# Evaluate with ROUGE

In [1]:
# Define RetrievalQA chain
import utils  # Import the whole module so you can reload it
import importlib

importlib.reload(utils)

from utils import init_qa_chain
qa_chain = init_qa_chain()
print("✅ RetrievalQA chain created")

  embedding = OpenAIEmbeddings(openai_api_key=keys["OPENAI_API_KEY"])


✅ RetrievalQA chain created


  llm = ChatOpenAI(temperature=0, model="gpt-4", openai_api_key=keys["OPENAI_API_KEY"])


In [2]:
import evaluate
from nltk.tokenize import sent_tokenize
import nltk

# Ensure required tokenizer
nltk.download('punkt')

# Load ROUGE metric
rouge = evaluate.load("rouge")

def compute_rouge(generated_text, reference_text):
    """
    Compute ROUGE score between a reference answer and a generated answer.
    """
    # Ensure text is split into sentences with newlines
    generated = "\n".join(sent_tokenize(generated_text.strip()))
    reference = "\n".join(sent_tokenize(reference_text.strip()))

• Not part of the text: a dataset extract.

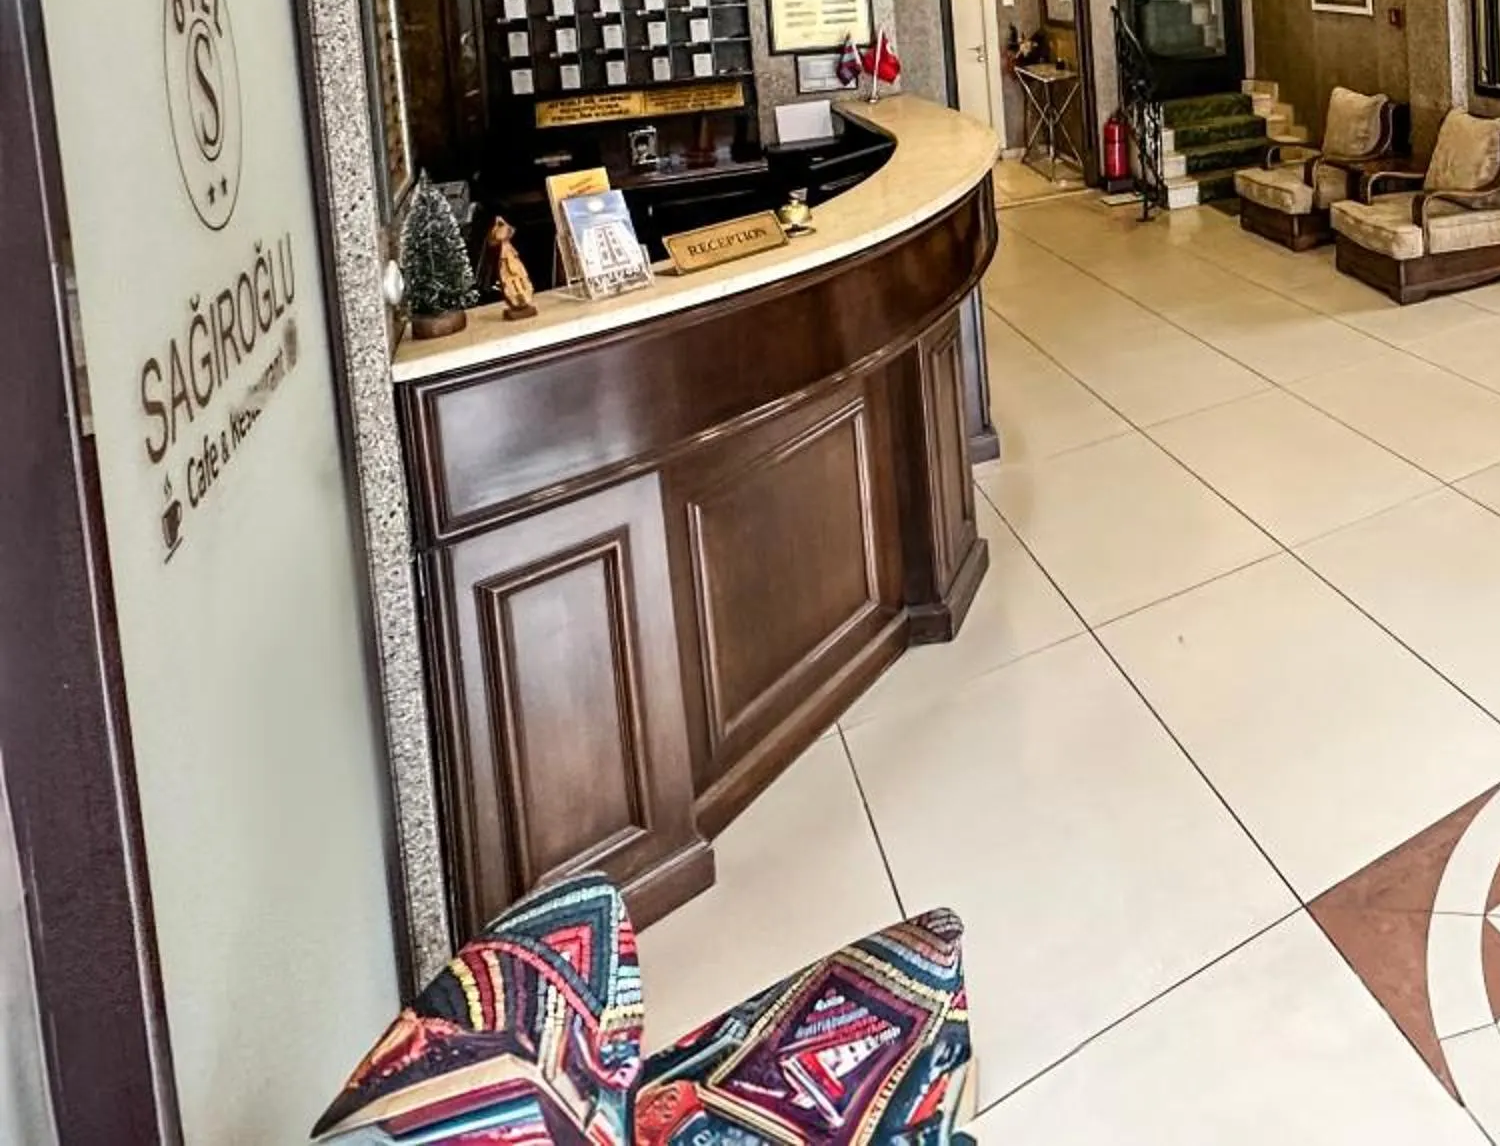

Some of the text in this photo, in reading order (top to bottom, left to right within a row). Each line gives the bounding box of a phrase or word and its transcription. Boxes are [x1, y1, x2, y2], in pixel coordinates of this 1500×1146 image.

    result = rouge.compute(
        predictions=[generated],
        references=[reference],
        use_stemmer=True,
    )
    return result


[nltk_data] Downloading package punkt to /Users/test/nltk_data...
[nltk_data]   Package punkt is already up-to-date!


In [3]:
def answer_with_rouge(input_text: str, reference_answer: str = None):
    print(f"\n📝 Query: {input_text}")
    result = qa_chain({"query": input_text})
    answer = result["result"]
    sources = list(set(doc.metadata.get("source_file", "Unknown") for doc in result["source_documents"]))
    print(f"🗒️ Retrieved {len(sources)} source documents")
    
    output = f"{answer}\n\nSources:\n" + "\n".join(sources)
    
    if reference_answer:
        rouge_scores = compute_rouge(answer, reference_answer)
        print(f"🔴 ROUGE scores:")
        for k, v in rouge_scores.items():
            print(f"  {k.upper()}: {v:.4f}")
        output += "\n\nROUGE scores:\n" + "\n".join(f"{k.upper()}: {v:.4f}" for k, v in rouge_scores.items())
        
    return output


### Testing with references

In [4]:
query = "What is at the center of a black hole?"

reference = "The singularity at the center of a black hole is the ultimate no man's land: a place where matter is compressed down to an infinitely tiny point"
response = answer_with_rouge(query, reference)
print(response)


📝 Query: What is at the center of a black hole?


  result = qa_chain({"query": input_text})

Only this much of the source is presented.